# Good or bad idea??



## Flak (Jul 29, 2008)

We have been searching for a dog to adopt, primarily as a companion for our current 1.7yr old goldendoodle. Who has become insecure after two attack incidents (any idea's how to break her of this would be much appreciated). So it has made the adoption process harder then we originally thought it would be.

One thing we have realized in all this is that "foster" dogs tend to be more normal (for lack of a better term) then shelter dogs. However, with saying that we have found a shelter dog that we like a lot. They think she is some sort of staffie mix. She is young, maybe 6 months at the oldest. She was awesome with us on the two meets. The second time we saw her we brought our dog. Keep in mind after the two attacks our dog has been very insecure. They wouldn't let us take the dogs for a walk, we were only allowed to introduce them in an outside kennel area. The puppy tried playing with our dog, but our dog kept putting her in her place (growling with light nipping at the mouth). After maybe 15mins of the puppy following our dog around well she smelled everything there was the usual puppy bowing play going on. There was another dog in the kennel right next to us growling and barking, so our dog would stop playing then go sniff the fence where the other dog was standing.

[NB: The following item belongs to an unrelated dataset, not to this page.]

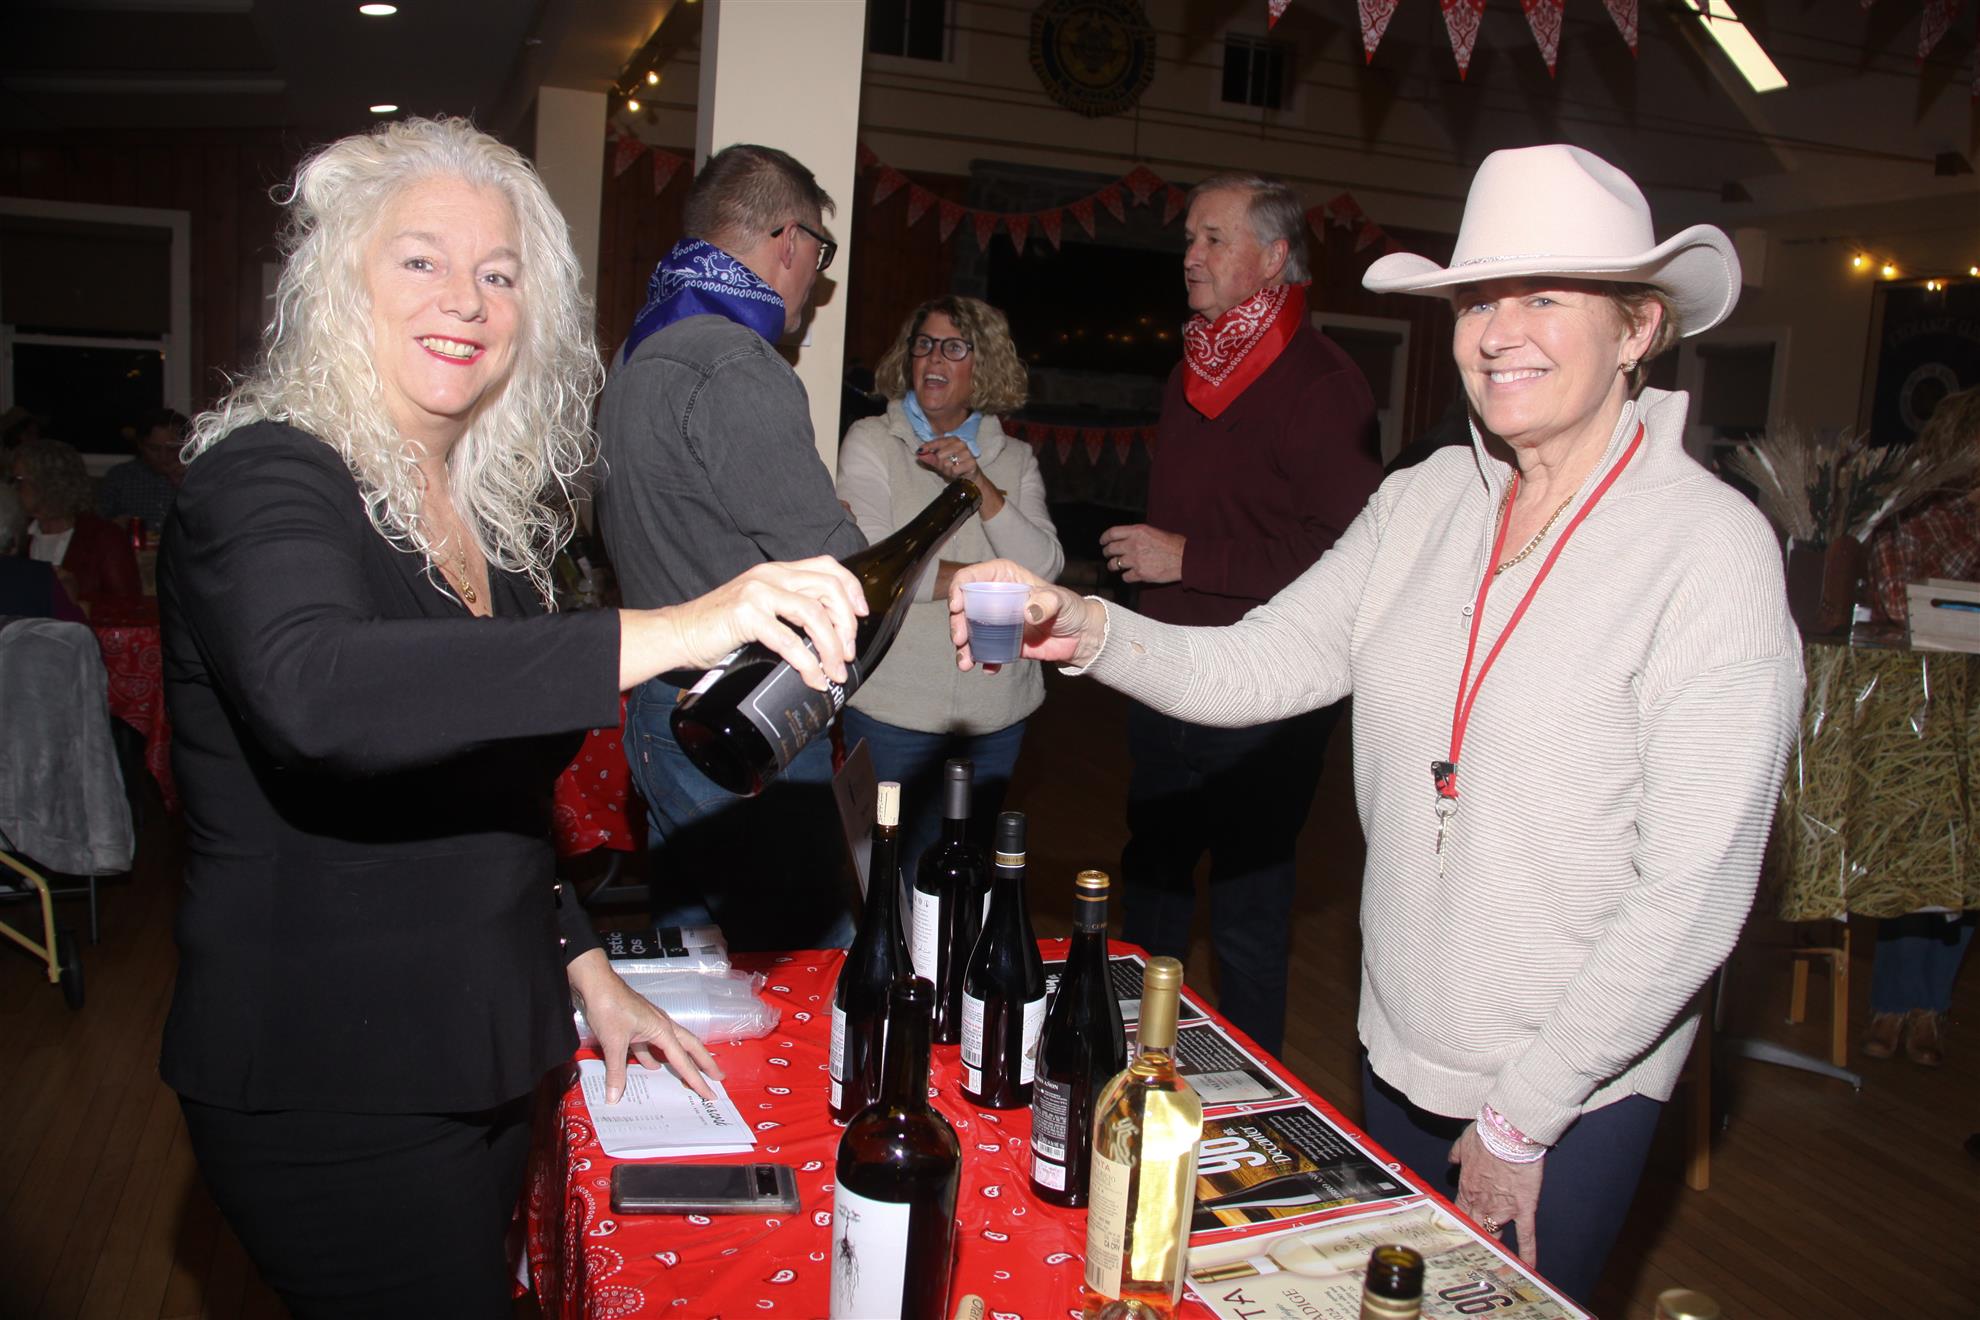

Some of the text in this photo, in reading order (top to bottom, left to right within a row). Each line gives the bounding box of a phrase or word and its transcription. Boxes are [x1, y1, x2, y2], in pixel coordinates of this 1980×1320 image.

[1239, 1125, 1294, 1165] Decanter
[1223, 1287, 1266, 1320] TA
[1438, 1281, 1514, 1315] 90

Maybe after another 15mins of playing off and on, the staffie puppy turned and lunged at our dog growling and teeth bearing. The shelter worker grabbed the leash of the puppy to restrain her. We called our dog to our side, as we tried to leave per the workers instructions the puppy kept trying to get to our dog, the whole time growling and barking with teeth showing.

My question(s).... ahh what the hell could have happened? Is this something worth chancing? We always hear how shelter dogs are totally different once they get home.


Thanks
-Flak


----------



## TeddieXRuxpin (Sep 11, 2007)

Did anything happen that could have made the pup react? Was your dog sniffing him?

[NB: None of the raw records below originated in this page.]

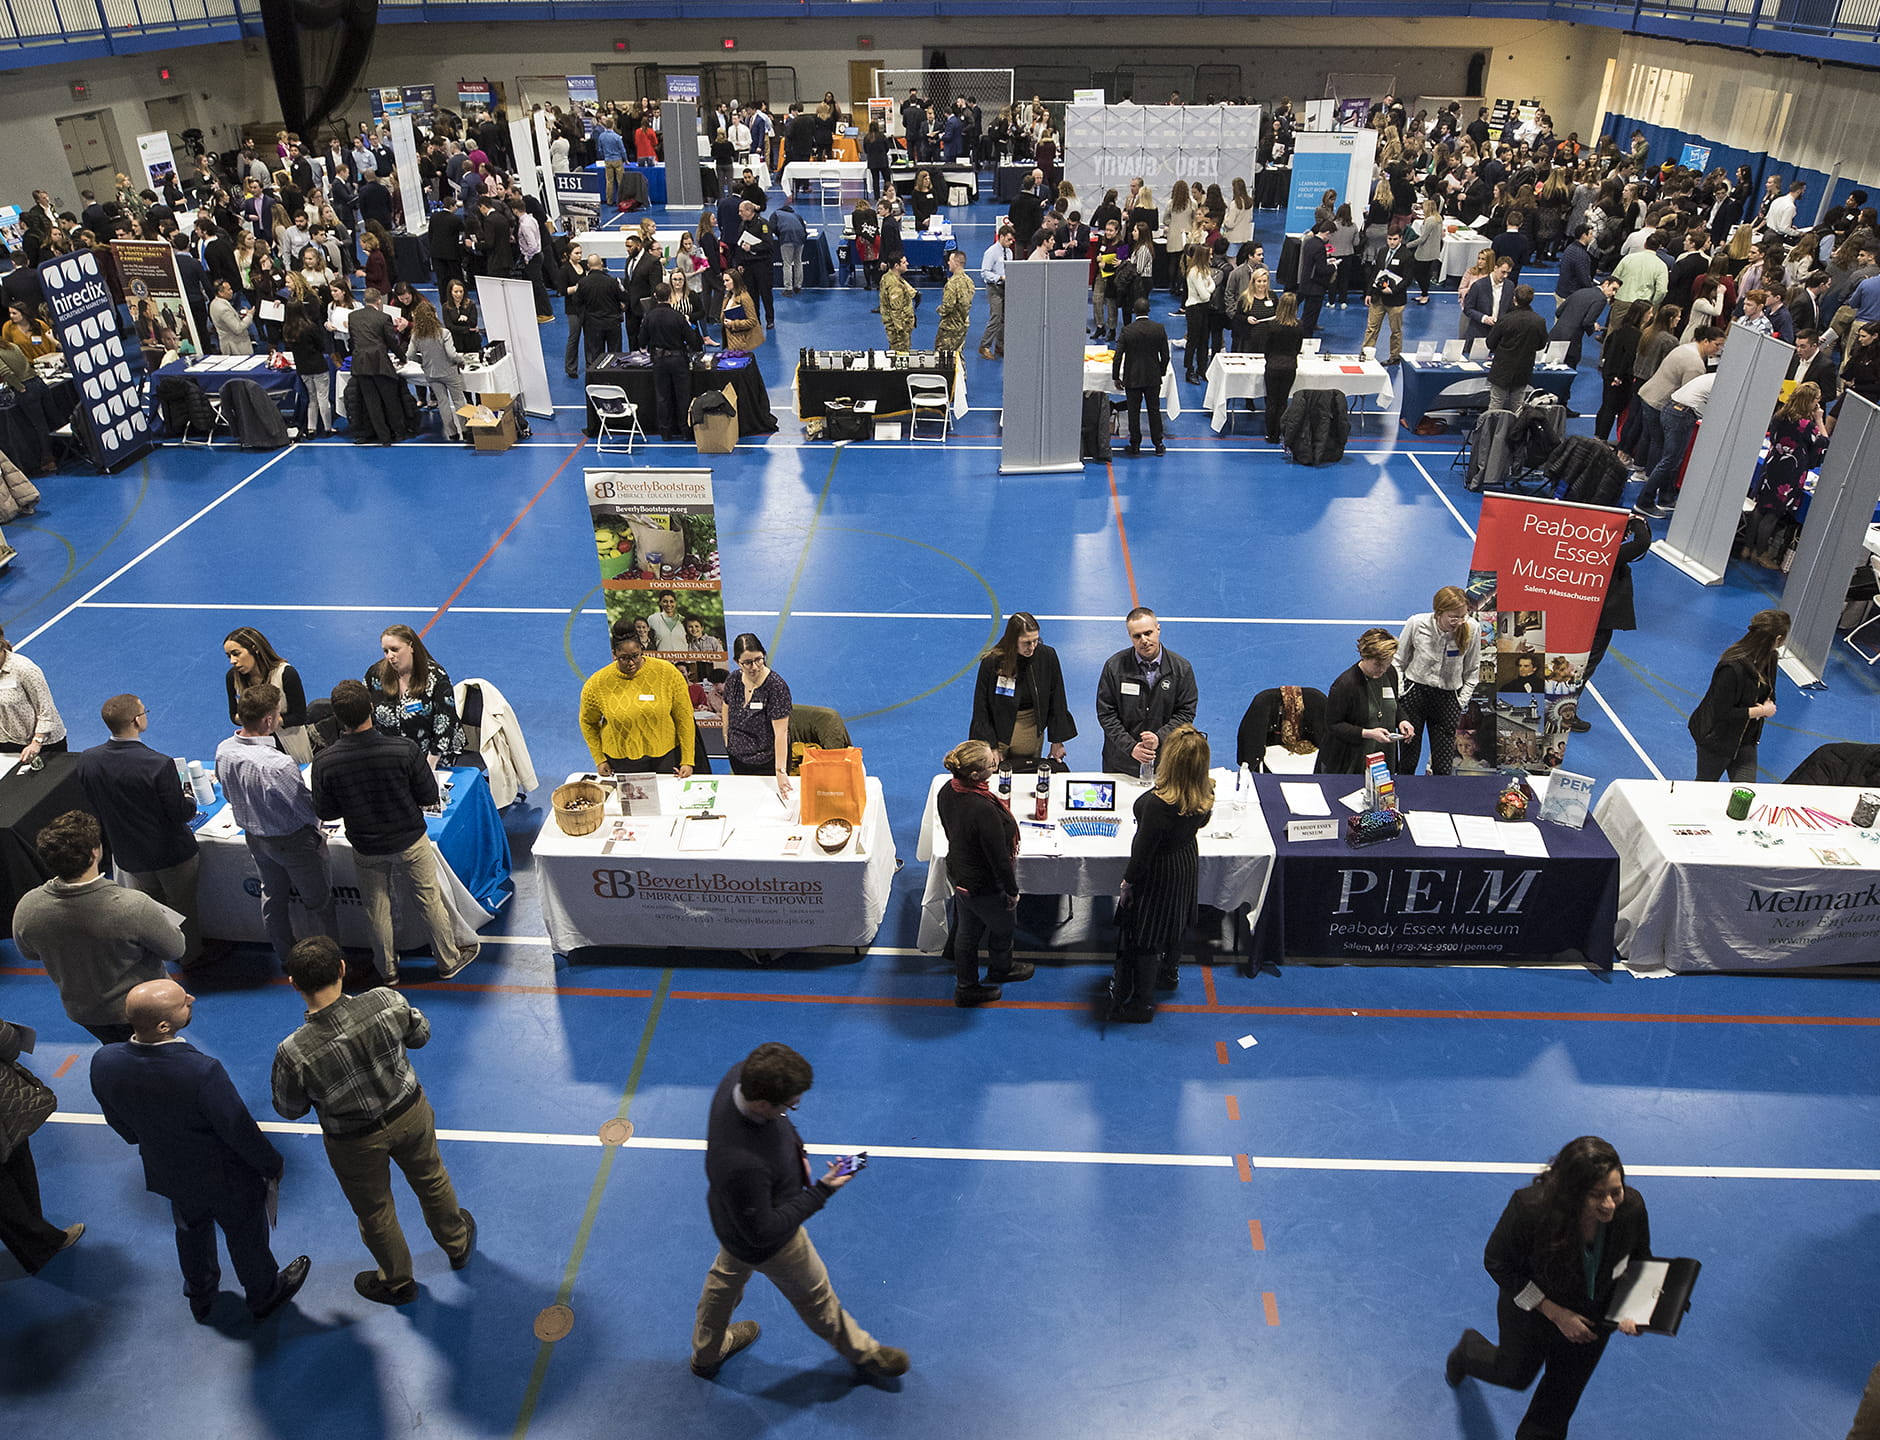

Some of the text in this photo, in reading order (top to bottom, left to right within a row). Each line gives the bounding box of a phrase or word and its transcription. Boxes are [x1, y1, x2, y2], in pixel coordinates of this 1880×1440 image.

[558, 177, 583, 190] HSI
[52, 280, 106, 315] hireclix
[616, 481, 706, 494] BeverlyBootstraps
[615, 505, 688, 514] BeverlyBootstraps.org
[1523, 513, 1618, 549] Peabody
[1554, 541, 1612, 566] Essex
[1512, 557, 1604, 588] Museum
[1523, 585, 1600, 602] Salem, Massachusetts
[1560, 777, 1595, 793] PEM
[637, 870, 823, 895] BeverlyBootstraps
[639, 891, 824, 905] EMBRACE EDUCATE EMPOWER
[1744, 883, 1880, 913] Melmark
[1329, 921, 1520, 937] Peabody Essex Museum
[1343, 941, 1504, 953] Salem, MA 978-745-9500 pem.org

I would try to take you dog back if possible to meet the dog again. Were they on or off leash? That can make a huge difference. 

(I use my last foster a lot to explain things, lol)

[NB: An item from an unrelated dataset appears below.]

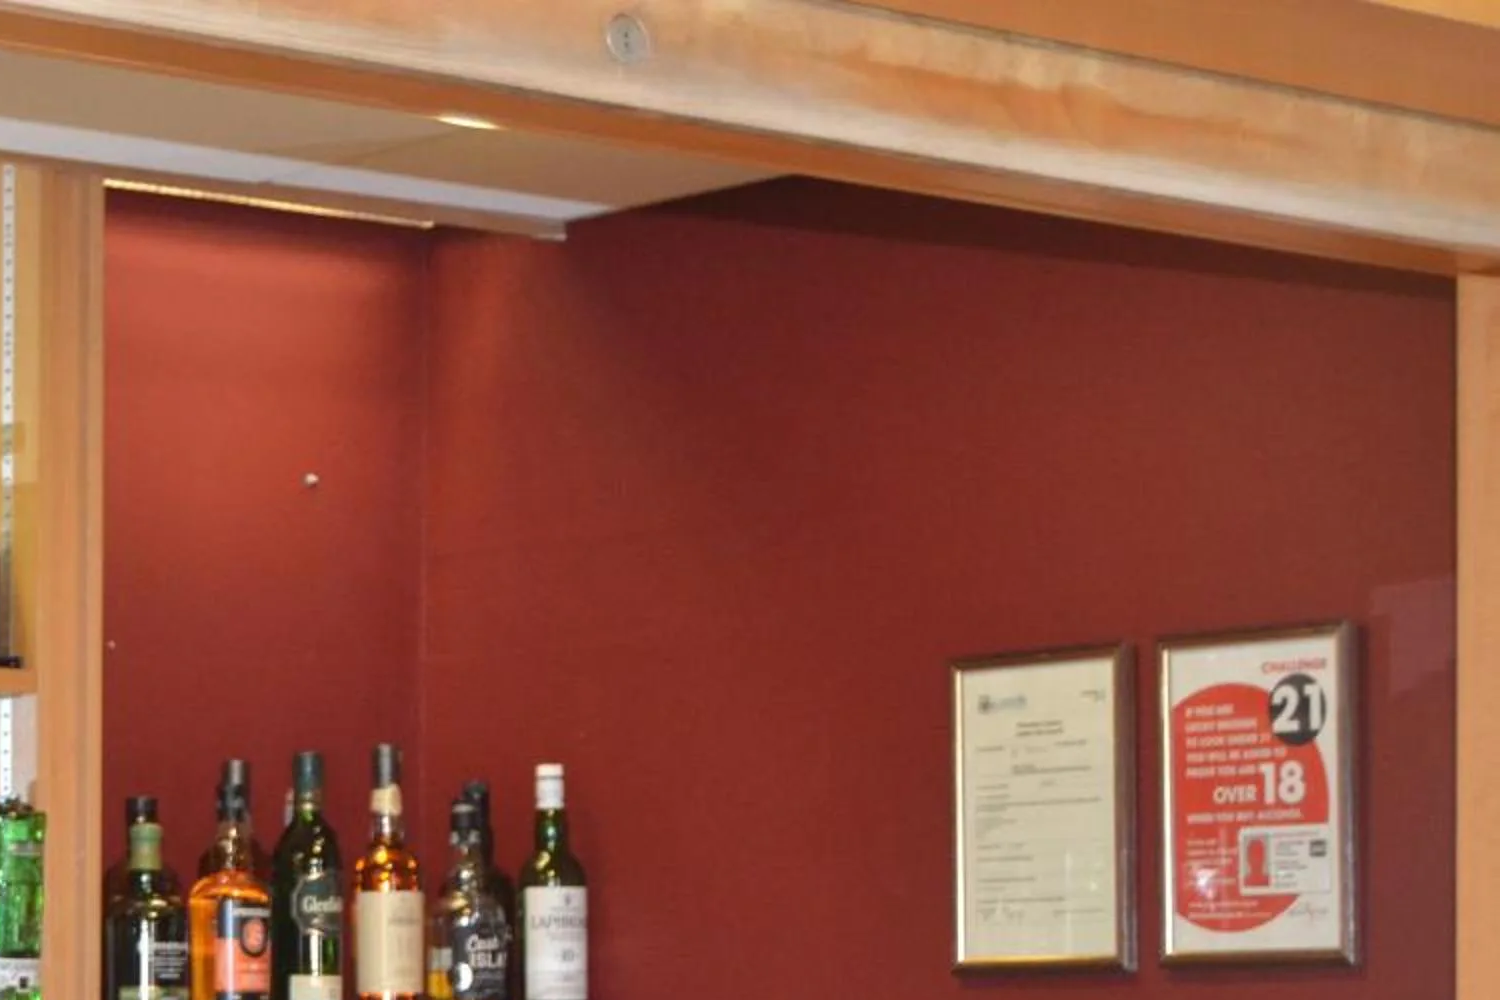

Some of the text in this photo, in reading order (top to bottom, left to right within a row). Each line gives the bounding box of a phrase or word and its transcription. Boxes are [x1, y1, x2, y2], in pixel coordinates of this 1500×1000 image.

[1273, 684, 1322, 731] 21
[1213, 760, 1306, 805] OVER 18

I brought home a 14 week old American Pit Bull Terrier 5 months ago and the first thing that happened when he met Buster (Lab/Dobbie) was snapping from both dogs, chasing, jumping and then Buster put his mouth around Britches neck. Holding him in places and letting him know where he stood. After that they were great the entire time I had him.

This past week Britches was adopted out to a family that has a teenage Great dane. When they first met we had them on leash, but as soon as we let them off leash in the yard everything went fine.

Something you should do before adopting another dog is your Labradoodle needs to be socialized. If she's scared of other dogs in general it's going to make it hard to bring in a strange dog to "her" house.

Welcome to DF.  Have fun posting.


----------



## trumpetjock (Dec 14, 2007)

Flak said:


> (any idea's how to break her of this would be much appreciated).


Don't avoid other dogs because you're afraid of another attack. That is the biggest piece of advice I can give you. Wheedle any friends and family you know that have well behaved dogs into having play dates. Get her out to meet as many dogs as she possibly can that are going to react well with her. Treat this like resocializing a puppy. It needs to be a proactive event, not just something that kinda happens. LOOK for opportunities to get her out and meet well behaved dogs, preferably in off-leash areas, as a leash is a very big factor in both aggression and fear. Having the dogs feel controlled exacerbates everything.


----------



## poodleholic (Mar 15, 2007)

> =Flak;362833]We have been searching for a dog to adopt, primarily as a companion for our current 1.7yr old goldendoodle. Who has become insecure after two attack incidents (any idea's how to break her of this would be much appreciated). So it has made the adoption process harder then we originally thought it would be.


If I understand you correctly, your goldendoodle was attacked twice by some other dog. Yes? If so, then I would encourage you to expose her to other KNOWN dogs who are safe, so she doesn't come to associate bad things happening when other dogs are around. 




> Maybe after another 15mins of playing off and on, the staffie puppy turned and lunged at our dog growling and teeth bearing. The shelter worker grabbed the leash of the puppy to restrain her. We called our dog to our side, as we tried to leave per the workers instructions the puppy kept trying to get to our dog, the whole time growling and barking with teeth showing.
> 
> My question(s).... ahh what the hell could have happened? Is this something worth chancing? We always hear how shelter dogs are totally different once they get home.


 Hmmm. Hard to say without having been there to witness what happened. Is it worth taking a chance? I wouldn't. Look around, and you'll come up with a better match.


----------